After her graduation, Linnik began working at the State Hermitage Museum in Leningrad (later Saint Petersburg), which she remained closely connected to for the rest of her life. She worked for many years as the curator of the museum's department of Western European art. Linnik sometimes travelled abroad for her research; her first time outside the Soviet Union was a trip to the Netherlands in 1958. On this trip, she visited the former home of the artist Rembrandt (1606–1669), whose work she admired.

Linnik was a specialist in Dutch art history. Her main focus was attributing Western European paintings from the 17th century, particularly Dutch and Flemish and also some Italian and French. By her own count, Linnik attributed or re-attributed around 250 paintings. The paintings were painted by artists such as Gerard van Honthorst, Hendrick Goltzius, Frans Hals, Frans Snyders, Govert Flinck and Rembrandt.

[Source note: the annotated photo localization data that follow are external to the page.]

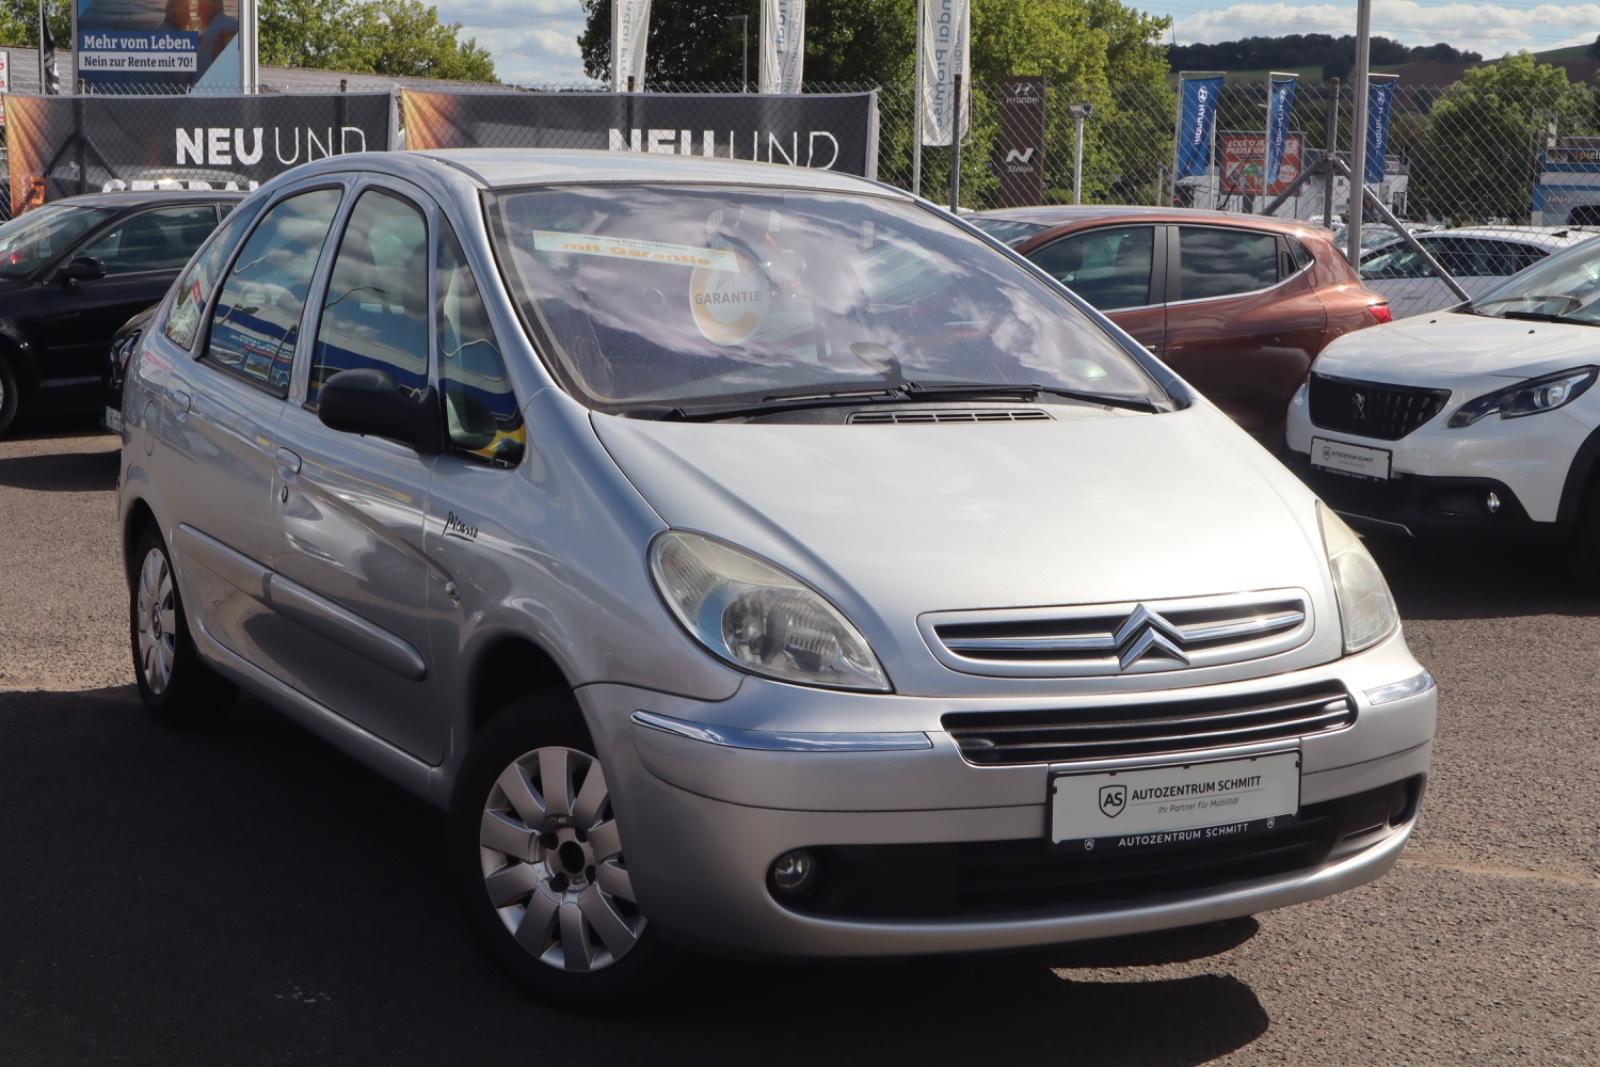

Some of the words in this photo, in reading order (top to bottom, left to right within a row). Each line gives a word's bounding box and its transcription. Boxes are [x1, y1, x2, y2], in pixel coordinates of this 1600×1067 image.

[84, 34, 118, 49] Mehr
[120, 38, 149, 49] vom
[151, 34, 195, 50] Leben.
[84, 56, 108, 67] Nein
[110, 58, 126, 67] zur
[128, 57, 157, 67] Rente
[158, 56, 175, 67] mit
[178, 57, 193, 68] 70!
[175, 127, 264, 166] NEU
[274, 126, 367, 165] UND
[730, 130, 838, 170] UND
[695, 290, 763, 305] GARANTIE
[1131, 782, 1216, 801] AUTOZENTRUM
[1218, 775, 1262, 792] SCHMITT
[1103, 792, 1123, 808] AS
[1169, 802, 1196, 813] Partner
[1210, 797, 1240, 808] Mobilität
[1118, 830, 1201, 847] AUTOZENTRUM
[1206, 822, 1249, 838] SCHMITT

Among Linnik's most publicized work was the discovery that what was believed to be a copy of the painting The Adoration of the Magi by Rembrandt in the Hermitage Museum was the original painting. She proved this through detailed comparisons between the painting in Russia and what was previously believed to be the original, housed in the Swedish Museum of Gothenburg. Through stylistic differences and X-rays of the paintings, Linnik was able to determine that the painting in Russia was the original.

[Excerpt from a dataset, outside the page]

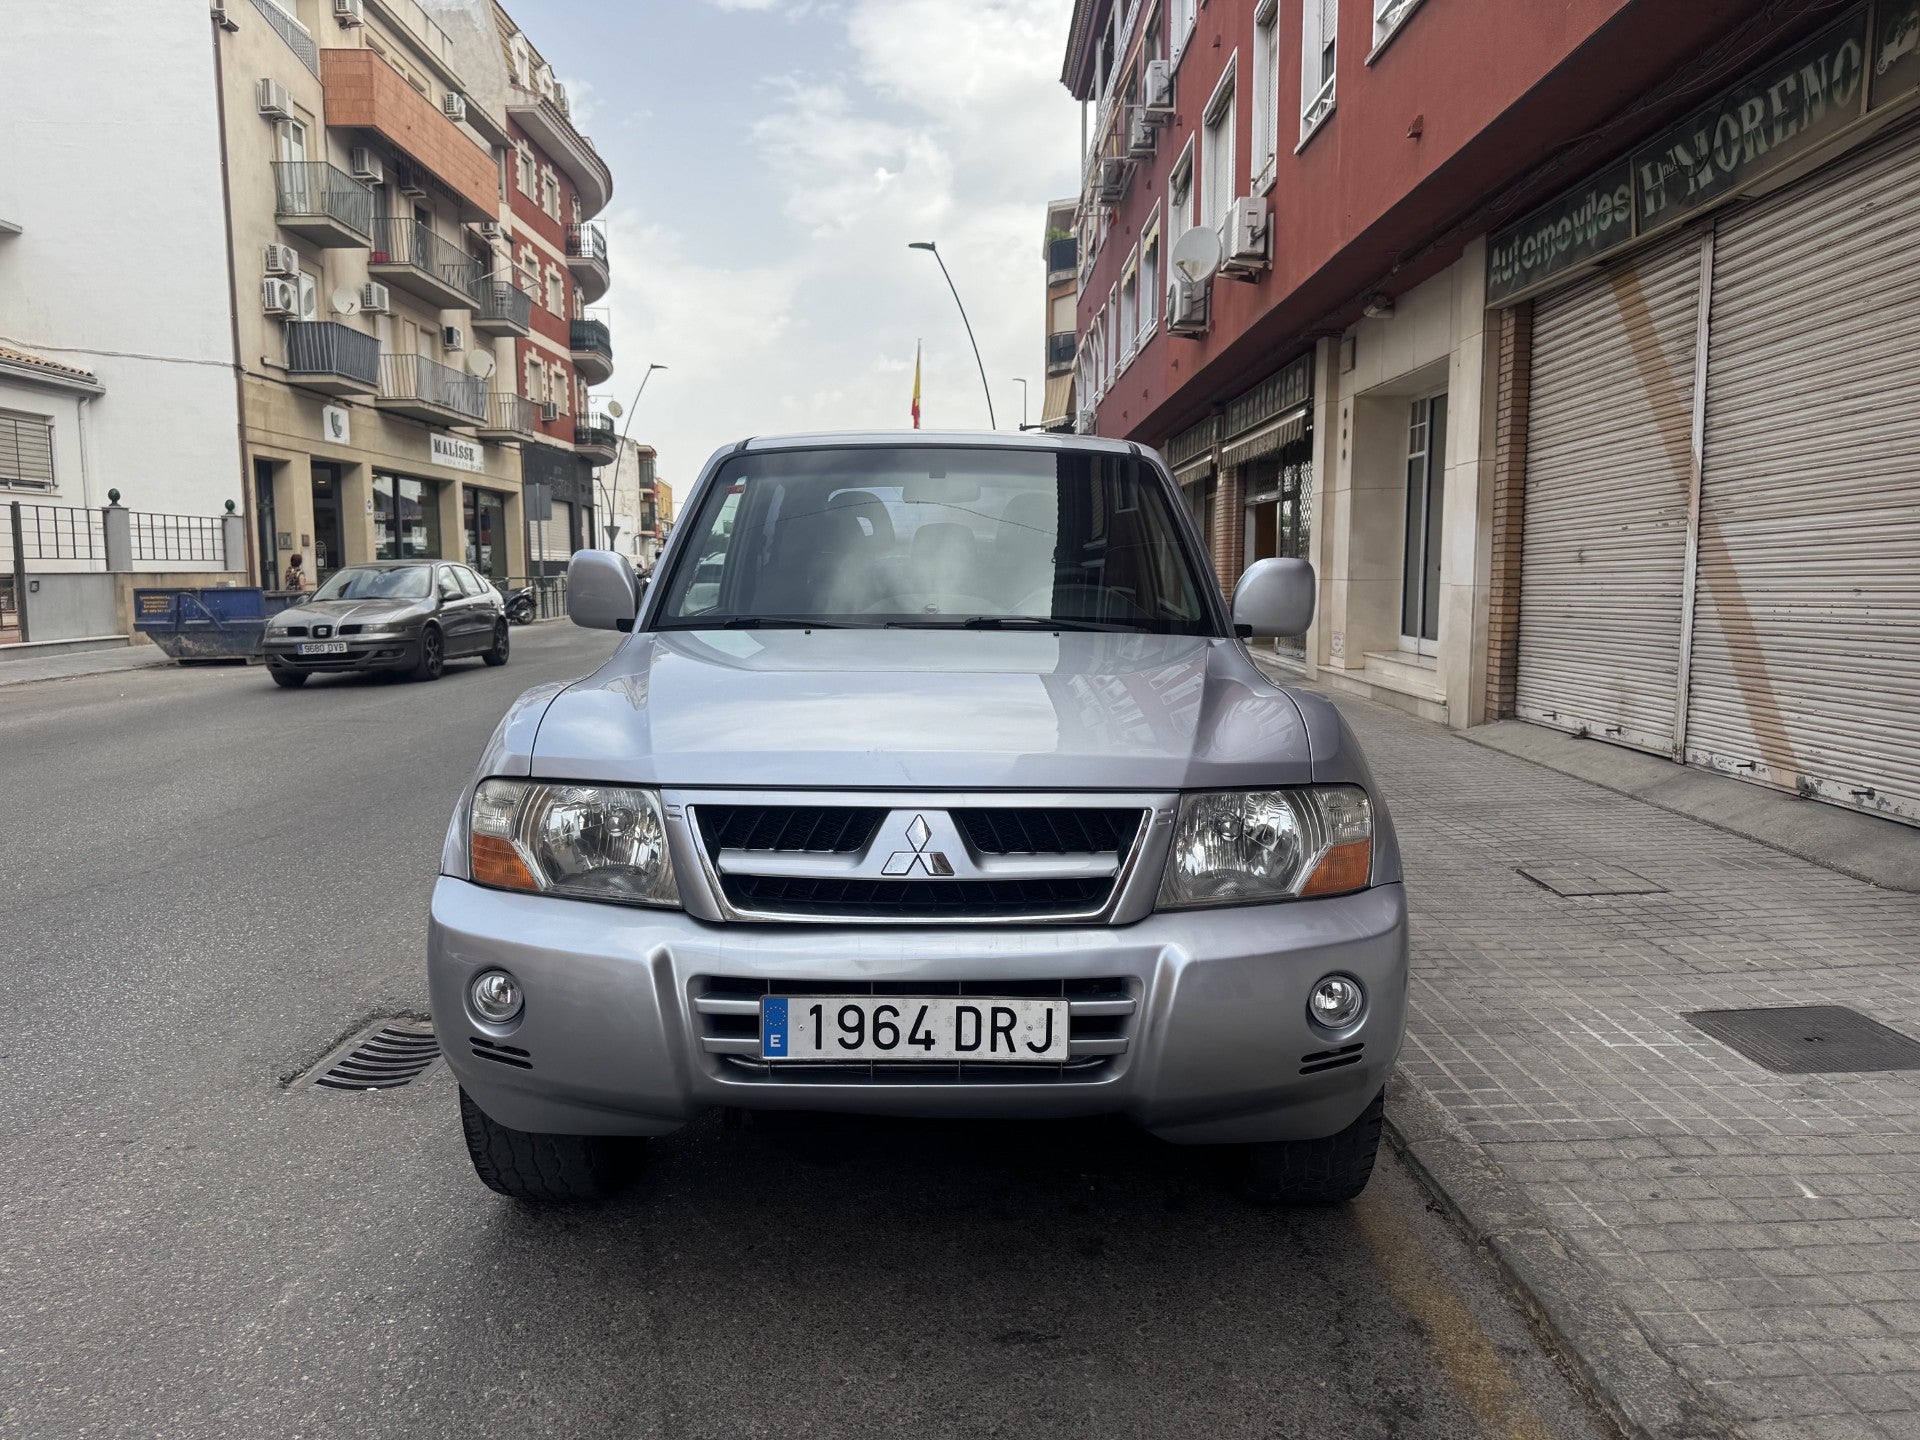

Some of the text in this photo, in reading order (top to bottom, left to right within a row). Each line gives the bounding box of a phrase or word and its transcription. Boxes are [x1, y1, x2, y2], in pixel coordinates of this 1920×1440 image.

In 1958, Linnik also received much attention for discovering that two paintings exhibited in Odessa, previously believed to have been painted by Russian artists, were actually two lost paintings by Frans Hals, depicting the evangelists Luke and Matthew.

Linnik also wrote numerous scientific articles, monographs and exhibition catalogues. Among her most well-known publications in western academia were Dutch Paintings in Soviet Museums, written in collaboration with her husband Yuri Ivanovich Kuznetsov. The publication of the book made the whereabouts of many Dutch paintings known to western art historians for the first time. In Russia, she is most known for the monograph Dutch Seventeenth-century Paintings and the Problems of Attribution, considered a model monograph.

In 1988, Linnik became a member of CODART, an international network of curators of art from the Low Countries.

== Personal life ==
Linnik's husband Yuri Ivanovich Kuznetsov was also a prominent art historian and an expert on Rembrandt. Their children include the paleontologist and artist Irina Levshakova (1959–2016). Linnik died on 23 March 2009 at the age of 86.